Thanks again for the comments guys!


----------



## dufus

cool, it should lookgreat when it grows in.
Also, congrats on the crystal berries(hehe)


----------



## FelixAvery

Wow i like this alot, you have inspired me to order a picotope!
the shrimp are really cool!
could you tell me if the picotope comes with a heater?


----------



## Solstice

Welcome to the forum! Thanks for the kinds words. And, no the tank doesn't come with a heater. It comes with a light which you will want to replace and a perfectly good filter, but the heater you'll have to buy seperately.


----------



## sandiegoryu

I hope your CRS eggs hatch well, and correct me if I am wrong, but to be the first documented TPT thread on a succesful hatching of CRS in a nano tank!


----------



## dufus

(on the heater ?)
no,or if it does he replaced it, he is using a marineland heater, not made by jbj(which i beleive is jebo, right?)


----------



## FelixAvery

is it just just me or do the ramshorn snails look massive?
i have ones in my tank , they are adults but they look small in the tank

maybe its just the tank size lol

i have a question regarding my tank
what is this?
there is a glob of yellowish stuff on a leaf of my yello dracena
its been there for 2 days and doesnt seem to have done anything?


----------



## Solstice

sandiegoryu, maybe.... I honestly haven't looked around a whole to see if other TPT members had been successful. I do know there are other successful keepers out there, but not necessarily here. 

The heater is a 50w Visi-Therm heater I got from the good doctors. I had considered the other "nano heaters" out there, but chose this because the nano heaters are statically set and aren't adjustable. Since I was trying to keep the option of keeping CRS in here open eventually (at the outset, I was only considering fish and cherries for the foreseeable future), I wanted something I could adjust. Other than the size, I'm very happy with it, but I'm also confident I'll have it hidden in another month or two.

FelixAvery, the snails do look massive in that tank. I put the ramshorns in there to help the tank cycle because they were easy to catch out of my other tank. I intend to replace them with with Spixi's and MTS's ever since but haven't gotten around to it. 

Do you have a pic of the glob? Could it be eggs from something?


----------



## hooha

What is your room temp? If it stable you probably don't need the heater.....but with you having Crystals in there you may not want to take the chance if the room temp drops below the upper 60's.....then again with a 50w heater I'd be worried about a malfunction and boiling your tank, which has happened to me before.....


----------



## Solstice

Good points Hooha, and definitely something for everybody with nanos to take into consideration.

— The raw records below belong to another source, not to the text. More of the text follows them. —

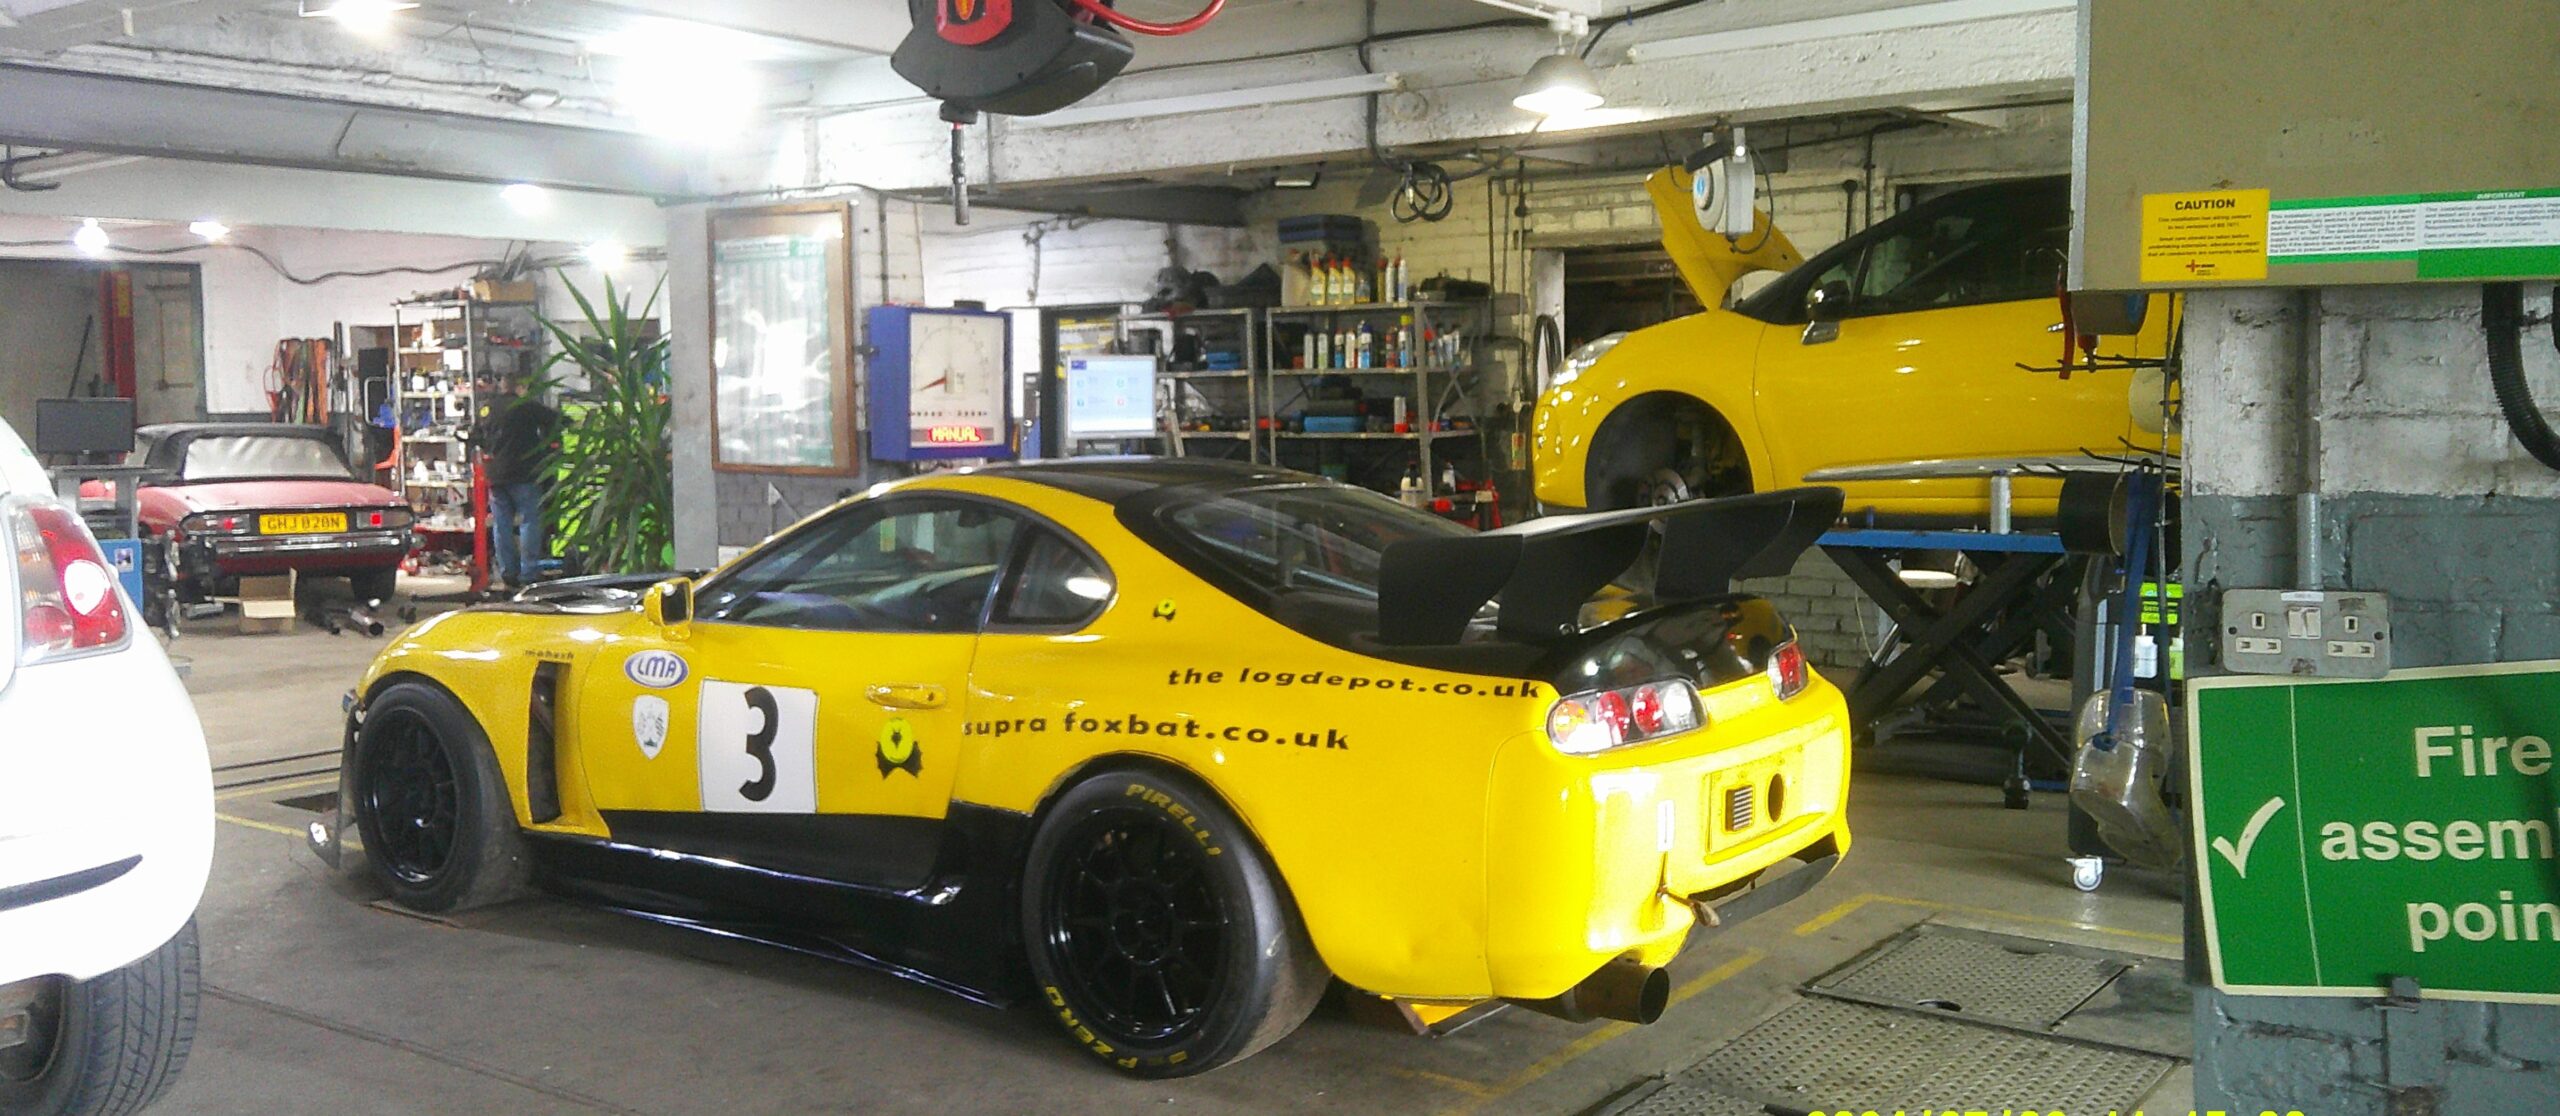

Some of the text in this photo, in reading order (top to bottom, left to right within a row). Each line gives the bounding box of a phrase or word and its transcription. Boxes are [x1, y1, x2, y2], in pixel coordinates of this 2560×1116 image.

[2175, 198, 2236, 210] CAUTION
[930, 427, 981, 442] MANUAL
[637, 656, 677, 678] LMA
[1168, 667, 1540, 699] the logdepot.co.uk
[738, 686, 779, 802] 3
[963, 713, 1350, 751] supra foxbat.co.uk
[2413, 725, 2553, 778] Fire
[1125, 783, 1223, 857] PIRELLI
[2320, 806, 2560, 861] assem

I do keep this tank at my office which is, of course, temperature controlled, however, for the last few months the AC has been on the fritz and the room temp seems to fluctuate from the high 70s to the low 60s. It doesn't happen drastically, but it most definitely happens and I'm most concerned about weekends when I'm not around to take care of things in an emergency. 

I chose the Visi-Therm (which wasn't the cheapest heater available) because of reviews I had read online and their general good reputation. Of course, there is always a risk and disasters certainly do happen, but I'm comfortable with this heater and do notice it working (light on) several times a day to keep the temp at 74 degrees.


----------



## Solstice

A buddy of mine happened to bring his SLR camera to work today, so I took the opportunity to snap a few shots of the tank without the equipment in it. Unfortunately I didn't have a tripod so the pics didn't come out nearly as clear as I would've liked them to, but I like how the tank looks with now heater and filter! 

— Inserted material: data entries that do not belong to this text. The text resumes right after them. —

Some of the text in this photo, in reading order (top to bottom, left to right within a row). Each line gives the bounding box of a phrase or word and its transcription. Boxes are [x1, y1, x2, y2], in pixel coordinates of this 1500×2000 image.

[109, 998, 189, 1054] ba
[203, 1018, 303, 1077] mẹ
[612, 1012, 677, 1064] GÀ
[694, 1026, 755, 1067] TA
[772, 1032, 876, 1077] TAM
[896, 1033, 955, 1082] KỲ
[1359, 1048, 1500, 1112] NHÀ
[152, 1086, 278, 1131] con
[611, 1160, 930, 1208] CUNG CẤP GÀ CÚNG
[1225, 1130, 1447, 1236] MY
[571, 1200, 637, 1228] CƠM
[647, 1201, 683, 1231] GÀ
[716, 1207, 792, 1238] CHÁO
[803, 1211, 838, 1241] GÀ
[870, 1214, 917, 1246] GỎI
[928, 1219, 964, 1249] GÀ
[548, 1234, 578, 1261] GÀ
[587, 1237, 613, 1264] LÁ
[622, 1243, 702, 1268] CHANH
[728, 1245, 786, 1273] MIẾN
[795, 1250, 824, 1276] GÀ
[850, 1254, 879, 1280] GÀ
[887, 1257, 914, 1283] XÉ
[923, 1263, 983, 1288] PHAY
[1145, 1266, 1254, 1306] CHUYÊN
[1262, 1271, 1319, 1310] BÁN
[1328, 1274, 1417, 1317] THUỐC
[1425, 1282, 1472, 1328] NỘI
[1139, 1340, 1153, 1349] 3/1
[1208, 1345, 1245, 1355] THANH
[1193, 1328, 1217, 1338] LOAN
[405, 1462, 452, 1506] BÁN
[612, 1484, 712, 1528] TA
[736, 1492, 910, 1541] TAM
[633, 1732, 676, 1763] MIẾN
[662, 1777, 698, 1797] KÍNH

This is the best shot my pregnant CRS would let me get. This is a new one that just berried up yesterday or today so now I've got 2  She was right under "the bridge" and facing sideways when I ran to get my friend's camera, but she'd moved by the time I got back. It would've been a great pic.

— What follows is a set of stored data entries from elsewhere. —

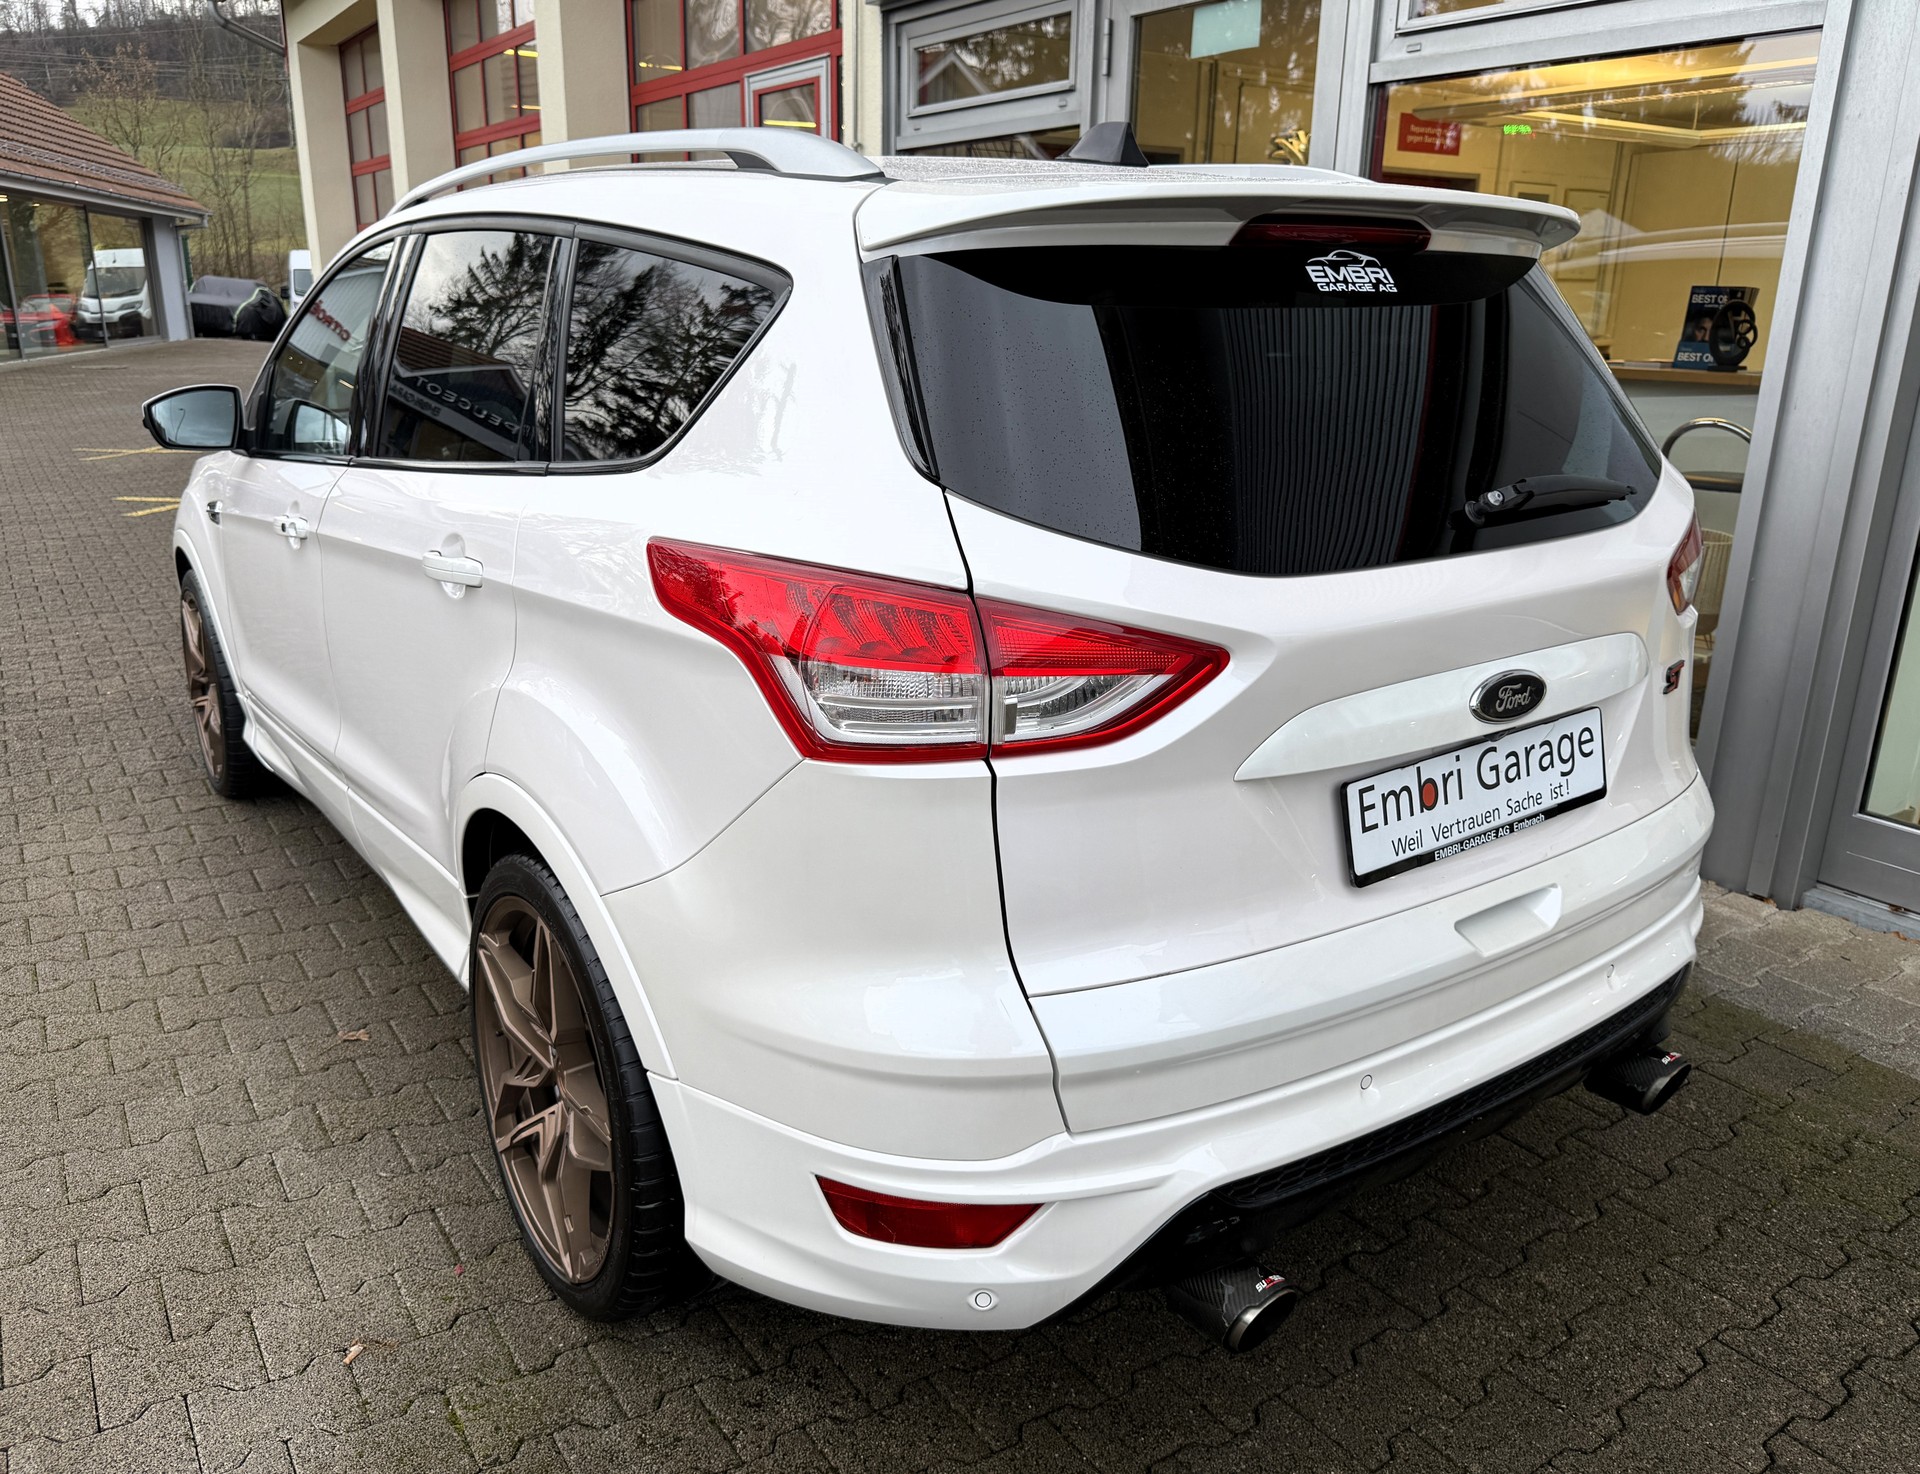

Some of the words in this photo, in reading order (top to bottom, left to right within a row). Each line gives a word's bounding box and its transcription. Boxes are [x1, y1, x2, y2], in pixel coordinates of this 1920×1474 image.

[1305, 265, 1395, 284] EMBRI
[1316, 283, 1376, 292] GARAGE
[1379, 284, 1398, 293] AG
[1691, 293, 1718, 304] BEST
[1677, 351, 1702, 362] BEST
[1495, 683, 1532, 712] Ford
[1358, 755, 1463, 833] Embri
[1476, 725, 1594, 791] Garage
[1391, 828, 1424, 857] Weil
[1431, 806, 1501, 843] Vertrauen
[1506, 790, 1543, 816] Sache
[1434, 829, 1497, 861] EMBRI-GARAGE
[1497, 825, 1510, 840] AG
[1513, 813, 1545, 833] Embrach

I'll talk him into bringing his camera back in next week with a tripod so I can snap a few more. 

As always, thanks for looking. roud:


----------



## Steven_Chong

Good effort, and a cut above. Doing a good job dude


----------



## fish_lover0591

Nice nano it looks great !


----------



## Color Me Blue

I love your overall setup!  The dwarf hairgrass and HC work wonderful with your scape. But may I say (in all kindness of course), the pellia is throwing me off. It's like I'm being distracted by green "blobs" in the background. I hope that makes sense?? What kind of look are you trying to achieve with the pellia BG?


----------



## guitardude9187

dood! those rocks Rock!!
did you find them?


----------



## Solstice

Steven - Thanks. Your comments are always appreciated. 'Nuff said.

fish_lover - You too 

Blue - Fellow San Diegan! Sweeeet. The idea with the Pellia is for it to eventually grow together in the background to make kind of a hedge. Think of it as a half moss wall. Where I had the tank before, there were a bunch of computer cables running behind it and I wanted the Pellia to grow in and hide that. Now it's not as necessary in that function, but will still serve as a good nursery for baby CRS.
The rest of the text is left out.